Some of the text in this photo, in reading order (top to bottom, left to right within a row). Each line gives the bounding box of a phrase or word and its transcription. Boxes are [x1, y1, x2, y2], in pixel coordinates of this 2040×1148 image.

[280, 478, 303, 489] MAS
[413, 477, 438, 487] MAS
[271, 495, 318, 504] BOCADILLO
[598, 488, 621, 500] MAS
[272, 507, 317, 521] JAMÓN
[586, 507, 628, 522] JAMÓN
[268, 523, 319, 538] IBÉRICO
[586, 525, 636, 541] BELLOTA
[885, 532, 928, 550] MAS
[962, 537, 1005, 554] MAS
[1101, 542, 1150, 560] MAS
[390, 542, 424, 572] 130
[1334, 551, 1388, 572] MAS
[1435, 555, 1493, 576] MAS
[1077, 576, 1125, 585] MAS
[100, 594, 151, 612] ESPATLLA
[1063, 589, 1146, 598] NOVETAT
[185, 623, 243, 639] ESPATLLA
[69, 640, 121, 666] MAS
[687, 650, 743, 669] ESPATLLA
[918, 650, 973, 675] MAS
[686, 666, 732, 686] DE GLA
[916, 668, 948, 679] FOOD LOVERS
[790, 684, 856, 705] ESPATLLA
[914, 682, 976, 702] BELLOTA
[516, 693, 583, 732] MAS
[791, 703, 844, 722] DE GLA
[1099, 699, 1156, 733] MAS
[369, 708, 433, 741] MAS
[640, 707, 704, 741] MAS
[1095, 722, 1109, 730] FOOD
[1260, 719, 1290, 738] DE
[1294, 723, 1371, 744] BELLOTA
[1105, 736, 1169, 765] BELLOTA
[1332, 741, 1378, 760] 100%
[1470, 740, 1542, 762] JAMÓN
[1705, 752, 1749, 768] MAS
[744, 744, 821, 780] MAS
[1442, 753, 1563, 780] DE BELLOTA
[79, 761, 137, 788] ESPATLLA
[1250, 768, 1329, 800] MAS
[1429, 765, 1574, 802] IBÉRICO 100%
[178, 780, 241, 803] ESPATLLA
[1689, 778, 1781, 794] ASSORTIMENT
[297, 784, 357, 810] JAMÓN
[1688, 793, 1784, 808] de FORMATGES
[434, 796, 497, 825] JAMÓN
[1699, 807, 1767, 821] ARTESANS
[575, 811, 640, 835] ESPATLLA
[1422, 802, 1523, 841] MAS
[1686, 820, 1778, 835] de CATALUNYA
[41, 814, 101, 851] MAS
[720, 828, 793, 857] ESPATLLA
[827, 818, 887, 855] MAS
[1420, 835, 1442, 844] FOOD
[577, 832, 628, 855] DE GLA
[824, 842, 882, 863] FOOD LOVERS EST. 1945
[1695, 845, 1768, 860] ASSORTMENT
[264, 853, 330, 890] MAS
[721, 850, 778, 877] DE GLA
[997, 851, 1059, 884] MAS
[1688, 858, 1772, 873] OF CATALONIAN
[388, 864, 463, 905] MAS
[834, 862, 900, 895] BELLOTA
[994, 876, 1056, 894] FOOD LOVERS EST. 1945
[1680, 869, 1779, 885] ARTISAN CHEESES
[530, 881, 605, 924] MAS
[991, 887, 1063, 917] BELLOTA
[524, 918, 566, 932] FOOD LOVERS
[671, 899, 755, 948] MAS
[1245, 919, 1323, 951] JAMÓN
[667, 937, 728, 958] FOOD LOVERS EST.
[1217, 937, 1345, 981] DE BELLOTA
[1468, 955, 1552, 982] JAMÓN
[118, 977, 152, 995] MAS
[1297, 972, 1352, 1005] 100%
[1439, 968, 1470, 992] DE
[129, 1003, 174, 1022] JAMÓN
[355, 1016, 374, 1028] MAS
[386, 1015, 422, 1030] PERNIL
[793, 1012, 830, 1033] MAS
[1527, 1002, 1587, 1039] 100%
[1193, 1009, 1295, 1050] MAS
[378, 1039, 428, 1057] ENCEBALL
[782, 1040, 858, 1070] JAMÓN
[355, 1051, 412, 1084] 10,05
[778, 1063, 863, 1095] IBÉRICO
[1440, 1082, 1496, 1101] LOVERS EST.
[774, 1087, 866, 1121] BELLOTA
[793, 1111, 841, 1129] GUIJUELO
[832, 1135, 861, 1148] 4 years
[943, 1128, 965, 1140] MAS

*-*-*

### Task:
Every entry is to be transcribed exactly as it stands.

### Output below:
Some of the text in this photo, in reading order (top to bottom, left to right within a row). Each line gives the bounding box of a phrase or word and its transcription. Boxes are [x1, y1, x2, y2], in pixel coordinates of this 2040×1148 image.

[280, 478, 303, 489] MAS
[413, 477, 438, 487] MAS
[271, 495, 318, 504] BOCADILLO
[598, 488, 621, 500] MAS
[272, 507, 317, 521] JAMÓN
[586, 507, 628, 522] JAMÓN
[268, 523, 319, 538] IBÉRICO
[586, 525, 636, 541] BELLOTA
[885, 532, 928, 550] MAS
[962, 537, 1005, 554] MAS
[1101, 542, 1150, 560] MAS
[390, 542, 424, 572] 130
[1334, 551, 1388, 572] MAS
[1435, 555, 1493, 576] MAS
[1077, 576, 1125, 585] MAS
[100, 594, 151, 612] ESPATLLA
[1063, 589, 1146, 598] NOVETAT
[185, 623, 243, 639] ESPATLLA
[69, 640, 121, 666] MAS
[687, 650, 743, 669] ESPATLLA
[918, 650, 973, 675] MAS
[686, 666, 732, 686] DE GLA
[916, 668, 948, 679] FOOD LOVERS
[790, 684, 856, 705] ESPATLLA
[914, 682, 976, 702] BELLOTA
[516, 693, 583, 732] MAS
[791, 703, 844, 722] DE GLA
[1099, 699, 1156, 733] MAS
[369, 708, 433, 741] MAS
[640, 707, 704, 741] MAS
[1095, 722, 1109, 730] FOOD
[1260, 719, 1290, 738] DE
[1294, 723, 1371, 744] BELLOTA
[1105, 736, 1169, 765] BELLOTA
[1332, 741, 1378, 760] 100%
[1470, 740, 1542, 762] JAMÓN
[1705, 752, 1749, 768] MAS
[744, 744, 821, 780] MAS
[1442, 753, 1563, 780] DE BELLOTA
[79, 761, 137, 788] ESPATLLA
[1250, 768, 1329, 800] MAS
[1429, 765, 1574, 802] IBÉRICO 100%
[178, 780, 241, 803] ESPATLLA
[1689, 778, 1781, 794] ASSORTIMENT
[297, 784, 357, 810] JAMÓN
[1688, 793, 1784, 808] de FORMATGES
[434, 796, 497, 825] JAMÓN
[1699, 807, 1767, 821] ARTESANS
[575, 811, 640, 835] ESPATLLA
[1422, 802, 1523, 841] MAS
[1686, 820, 1778, 835] de CATALUNYA
[41, 814, 101, 851] MAS
[720, 828, 793, 857] ESPATLLA
[827, 818, 887, 855] MAS
[1420, 835, 1442, 844] FOOD
[577, 832, 628, 855] DE GLA
[824, 842, 882, 863] FOOD LOVERS EST. 1945
[1695, 845, 1768, 860] ASSORTMENT
[264, 853, 330, 890] MAS
[721, 850, 778, 877] DE GLA
[997, 851, 1059, 884] MAS
[1688, 858, 1772, 873] OF CATALONIAN
[388, 864, 463, 905] MAS
[834, 862, 900, 895] BELLOTA
[994, 876, 1056, 894] FOOD LOVERS EST. 1945
[1680, 869, 1779, 885] ARTISAN CHEESES
[530, 881, 605, 924] MAS
[991, 887, 1063, 917] BELLOTA
[524, 918, 566, 932] FOOD LOVERS
[671, 899, 755, 948] MAS
[1245, 919, 1323, 951] JAMÓN
[667, 937, 728, 958] FOOD LOVERS EST.
[1217, 937, 1345, 981] DE BELLOTA
[1468, 955, 1552, 982] JAMÓN
[118, 977, 152, 995] MAS
[1297, 972, 1352, 1005] 100%
[1439, 968, 1470, 992] DE
[129, 1003, 174, 1022] JAMÓN
[355, 1016, 374, 1028] MAS
[386, 1015, 422, 1030] PERNIL
[793, 1012, 830, 1033] MAS
[1527, 1002, 1587, 1039] 100%
[1193, 1009, 1295, 1050] MAS
[378, 1039, 428, 1057] ENCEBALL
[782, 1040, 858, 1070] JAMÓN
[355, 1051, 412, 1084] 10,05
[778, 1063, 863, 1095] IBÉRICO
[1440, 1082, 1496, 1101] LOVERS EST.
[774, 1087, 866, 1121] BELLOTA
[793, 1111, 841, 1129] GUIJUELO
[832, 1135, 861, 1148] 4 years
[943, 1128, 965, 1140] MAS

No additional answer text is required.